Ten years and 800,000 words ago, Justin Cronin, at the time a well-regarded, if largely unknown, author of literary fiction and a recipient of the PEN/Hemingway Award, started telling a story—one that he didn’t think would be published.

“It began as a game,” Cronin recalls. “My eight-year-old daughter, Iris, challenged me to write about a girl who saves the world.”

Cronin and his daughter spent much of the next autumn wandering the streets of their Houston neighborhood, she on her bike, him jogging alongside, spinning out a tale that had only two inviolable rules. The first: everything in their story had to be interesting. The second?

Cronin smiles. “It had to have one character with red hair,” he says, adding “you don’t have to guess what color hair my daughter has.”

That story eventually became The Passage, a landmark work of supernatural fiction that not only topped bestseller lists nationwide but transcended the genre, and was named one of Time magazine’s Books of the Year in 2010. In the second volume of the Passage trilogy, The Twelve, Cronin expanded on his success.

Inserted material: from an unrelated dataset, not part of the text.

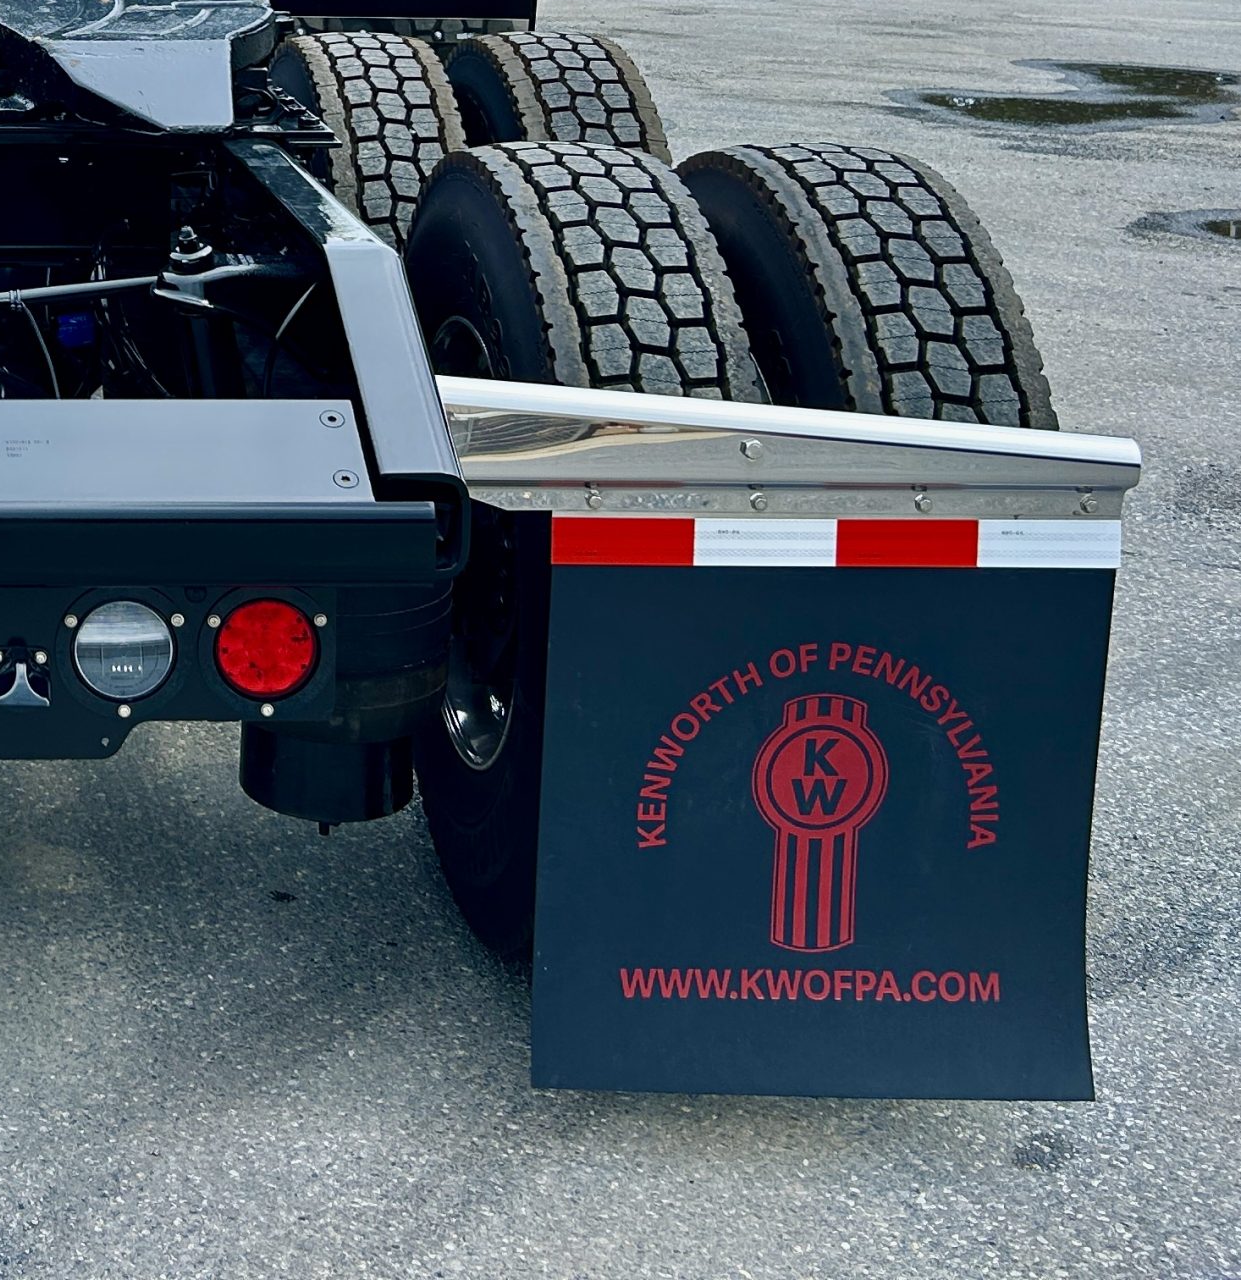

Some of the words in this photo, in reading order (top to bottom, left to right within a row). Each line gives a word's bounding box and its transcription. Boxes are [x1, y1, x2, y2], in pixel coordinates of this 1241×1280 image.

Now, with the publication of The City of Mirrors, the saga’s final volume, the journey is ending not just for the characters readers have come to know and love, but for the author himself.

“Ten years is a long time in the real world,” Cronin notes. “Time enough for children to grow up.” His daughter Iris—the little girl who started telling tales of The Passage with him—is off to college, the bicycle she rode around Houston replaced by a slightly battered Mini Cooper.

“The world grows,” Cronin notes wistfully. “The Passage trilogy began in one phase of my life; it ends in another.”

Cronin will be signing and speaking at several events here at BEA. Today, he will be on Library Journal’s Day of Dialogue’s “Big Authors Panel II,” at the UIC Forum, 725 Roosevelt Rd., 2:45–3:45 p.m., and will attend the author reception following, 5–6 p.m. Tomorrow, he will be at the Skyline Ballroom in McCormick Center West starting at 11:45 a.m. for the Celebration of Bookselling Luncheon, noon–1:30 p.m., and on Friday, he will be signing The City of Mirrors at the Penguin Random House Booth (2433), 10–11 a.m.

This article appeared in the May 11, 2016 edition of PW BEA Show Daily.